## YOUR ASSIGNMENT
From the first line to the last, please print the entries exactly, omitting pictures.
───── RECORDS PROVIDED ─────
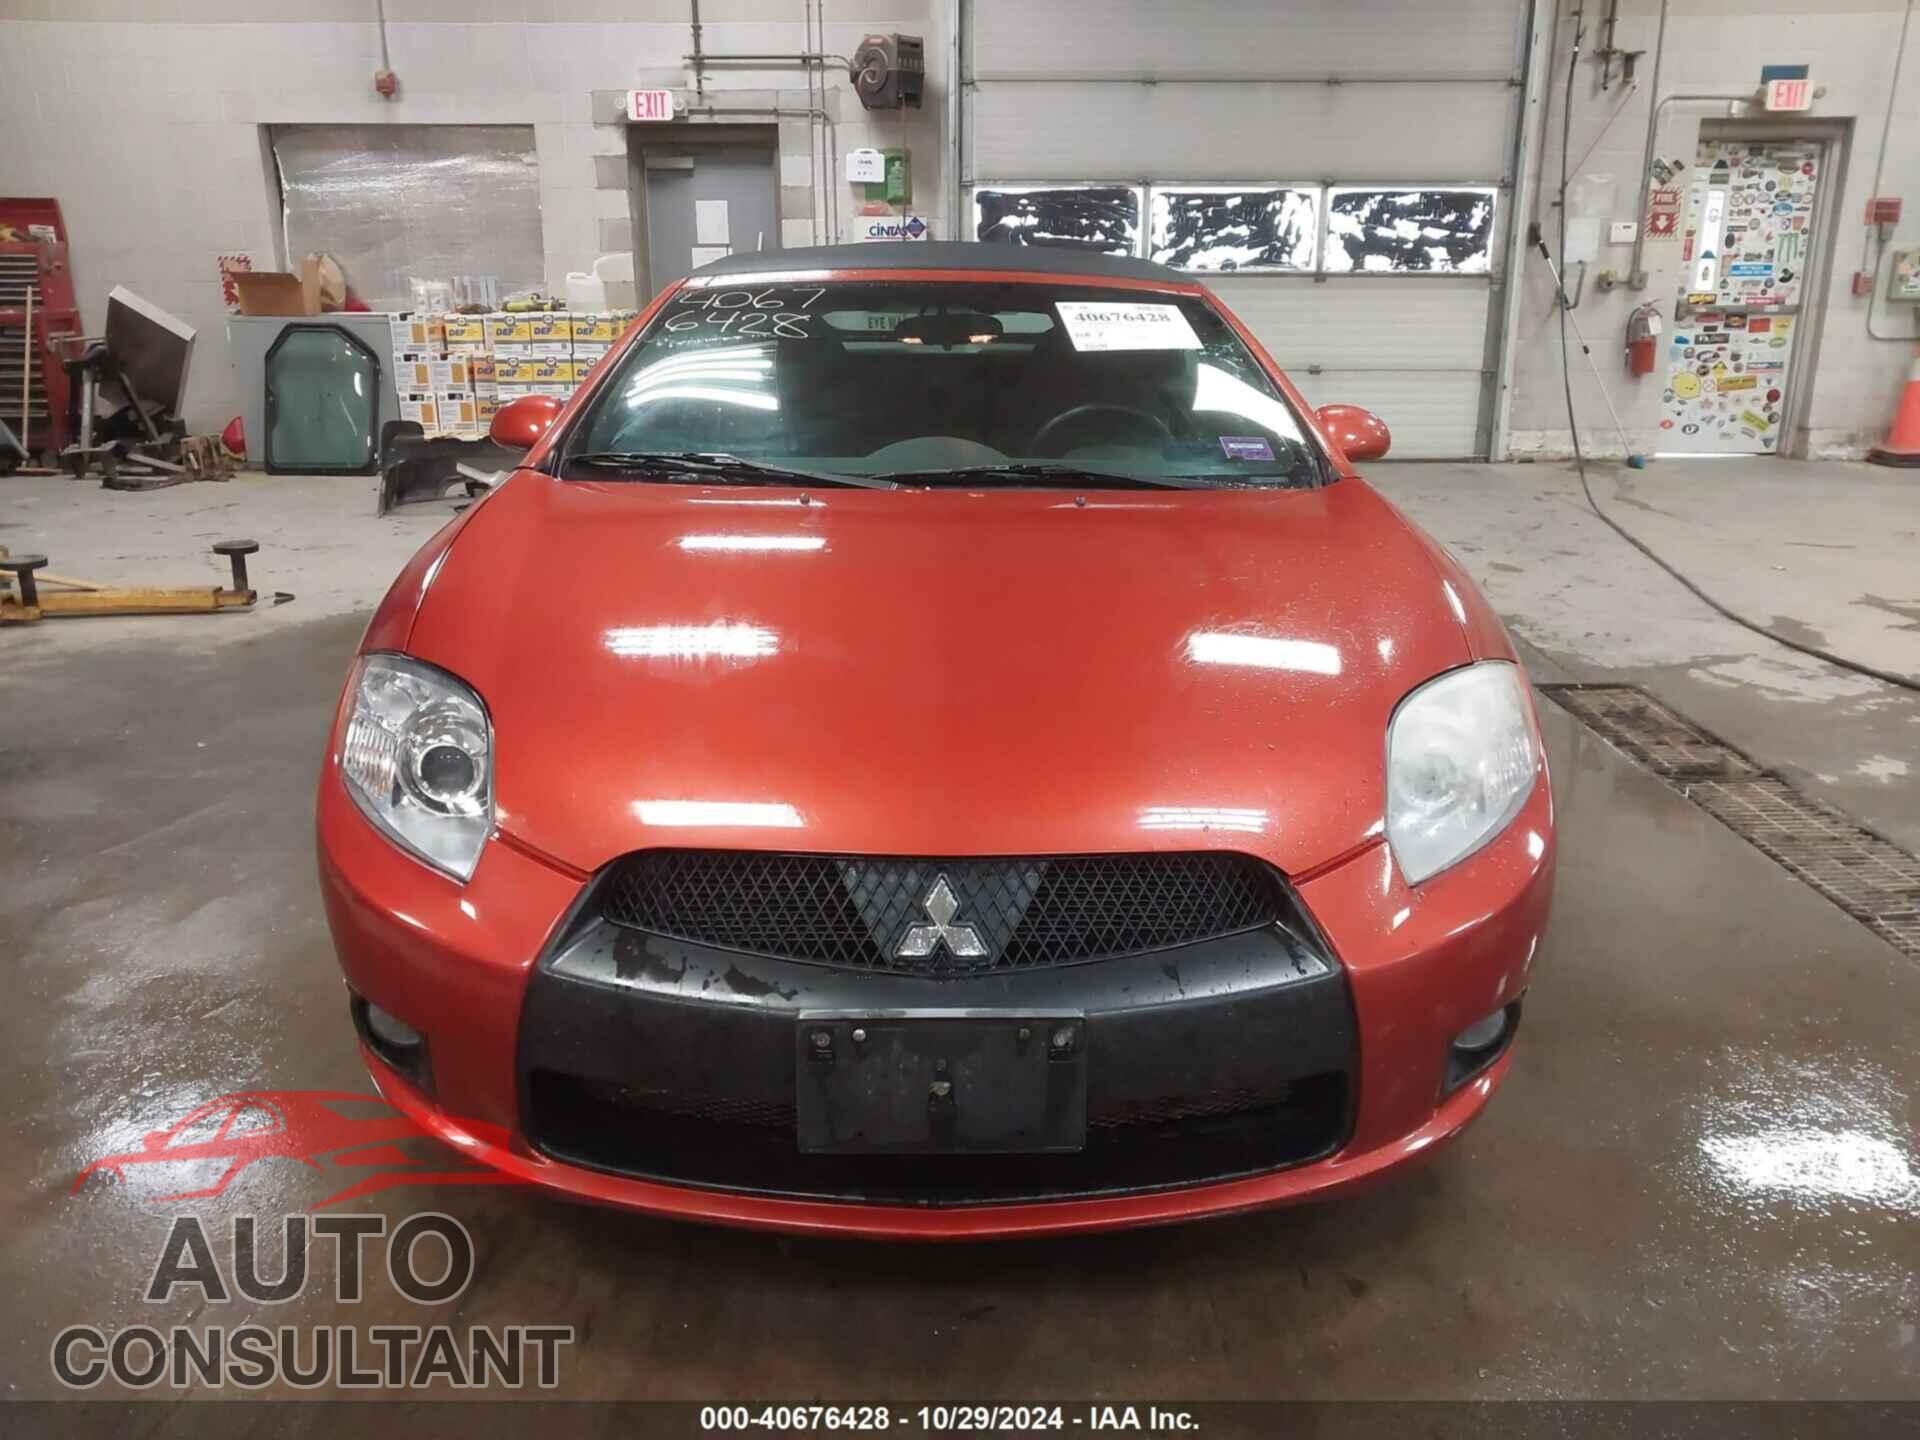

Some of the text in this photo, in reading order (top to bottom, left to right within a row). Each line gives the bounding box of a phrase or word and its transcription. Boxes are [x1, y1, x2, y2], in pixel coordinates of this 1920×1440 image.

[1775, 82, 1808, 107] EXIT
[635, 92, 666, 118] EXIT
[679, 288, 826, 309] 4067
[1074, 312, 1171, 322] 40676428
[665, 310, 811, 339] 6428
[495, 327, 514, 336] DEF
[534, 326, 553, 335] DEF
[575, 327, 594, 335] DEF
[498, 369, 517, 377] DEF
[536, 368, 555, 376] DEF
─────
## EXERCISE RESPONSE
Some of the text in this photo, in reading order (top to bottom, left to right within a row). Each line gives the bounding box of a phrase or word and its transcription. Boxes are [x1, y1, x2, y2], in pixel coordinates of this 1920×1440 image.

[1775, 82, 1808, 107] EXIT
[635, 92, 666, 118] EXIT
[679, 288, 826, 309] 4067
[1074, 312, 1171, 322] 40676428
[665, 310, 811, 339] 6428
[495, 327, 514, 336] DEF
[534, 326, 553, 335] DEF
[575, 327, 594, 335] DEF
[498, 369, 517, 377] DEF
[536, 368, 555, 376] DEF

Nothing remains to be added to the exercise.